Molecular modeling study and synthesis of quinazolinone-arylpiperazine derivatives as α1-adrenoreceptor antagonists

Abstract

Three series of new 2-[(4-substituted piperazin-1-yl) methyl]quinazolin-4(3H)-ones 4a-c, Ethyl 6,7-dimethoxy-4-oxo-3-[2-(4-substituted piperazin-1-yl)acetamido/propanamido]-3,4-dihydroquinazoline-2-carboxylates 9a-f and their 2-methyl analogues 13a-l were designed and synthesized as promising α1-adrenoceptor antagonists. The final compounds were evaluated for their in vivo hypotensive activity in normotensive cats. The most potent hypotensive quinazolinone derivatives 4b, 9e, 13i, 13j were further tested on isolated thoracic aortic rings of male Wister rats.
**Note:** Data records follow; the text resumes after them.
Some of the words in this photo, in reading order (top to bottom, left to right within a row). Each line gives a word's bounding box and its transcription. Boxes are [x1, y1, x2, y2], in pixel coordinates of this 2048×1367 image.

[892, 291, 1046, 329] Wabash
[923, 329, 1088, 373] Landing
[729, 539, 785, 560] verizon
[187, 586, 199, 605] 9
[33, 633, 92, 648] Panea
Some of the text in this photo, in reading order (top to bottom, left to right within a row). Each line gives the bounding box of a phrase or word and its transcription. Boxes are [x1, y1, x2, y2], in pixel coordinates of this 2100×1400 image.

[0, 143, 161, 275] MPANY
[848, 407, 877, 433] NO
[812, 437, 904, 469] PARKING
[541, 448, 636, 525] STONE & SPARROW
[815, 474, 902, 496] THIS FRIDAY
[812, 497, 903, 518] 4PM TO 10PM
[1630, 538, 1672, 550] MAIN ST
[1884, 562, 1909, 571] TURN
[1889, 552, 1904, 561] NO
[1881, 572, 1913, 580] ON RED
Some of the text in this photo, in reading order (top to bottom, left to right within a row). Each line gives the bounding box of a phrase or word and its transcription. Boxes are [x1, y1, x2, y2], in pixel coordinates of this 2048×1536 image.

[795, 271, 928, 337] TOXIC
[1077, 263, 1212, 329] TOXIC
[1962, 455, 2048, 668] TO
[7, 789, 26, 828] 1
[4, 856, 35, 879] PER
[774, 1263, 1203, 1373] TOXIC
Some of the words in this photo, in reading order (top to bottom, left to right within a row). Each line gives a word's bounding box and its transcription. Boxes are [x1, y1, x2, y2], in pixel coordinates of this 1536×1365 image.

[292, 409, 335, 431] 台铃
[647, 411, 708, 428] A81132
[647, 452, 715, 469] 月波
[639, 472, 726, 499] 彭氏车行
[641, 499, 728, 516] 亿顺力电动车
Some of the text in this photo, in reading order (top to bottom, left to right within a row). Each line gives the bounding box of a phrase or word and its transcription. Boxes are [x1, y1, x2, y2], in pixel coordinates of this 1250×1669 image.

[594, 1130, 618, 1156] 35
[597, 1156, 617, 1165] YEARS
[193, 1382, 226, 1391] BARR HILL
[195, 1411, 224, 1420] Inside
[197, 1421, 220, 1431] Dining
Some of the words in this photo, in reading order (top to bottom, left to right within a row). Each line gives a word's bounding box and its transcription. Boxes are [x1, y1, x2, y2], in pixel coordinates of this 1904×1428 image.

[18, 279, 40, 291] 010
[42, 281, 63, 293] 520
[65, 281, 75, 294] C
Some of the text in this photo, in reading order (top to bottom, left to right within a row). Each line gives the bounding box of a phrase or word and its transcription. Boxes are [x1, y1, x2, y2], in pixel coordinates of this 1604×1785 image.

All the tested compounds displayed α1-blocking activity with IC50 ranging from 0.2 to 0.4 mM less than prazosin. Furthermore, in the present work, molecular modeling study using Accelrys Discovery Studio 2.1 software was performed by mapping the synthesized compounds to the α1-adrenoceptor antagonist hypothesis in order to predict their mechanism of action. Compound 13j which has the best-fitting score displayed the highest in vivo and in vitro activity among the tested compounds.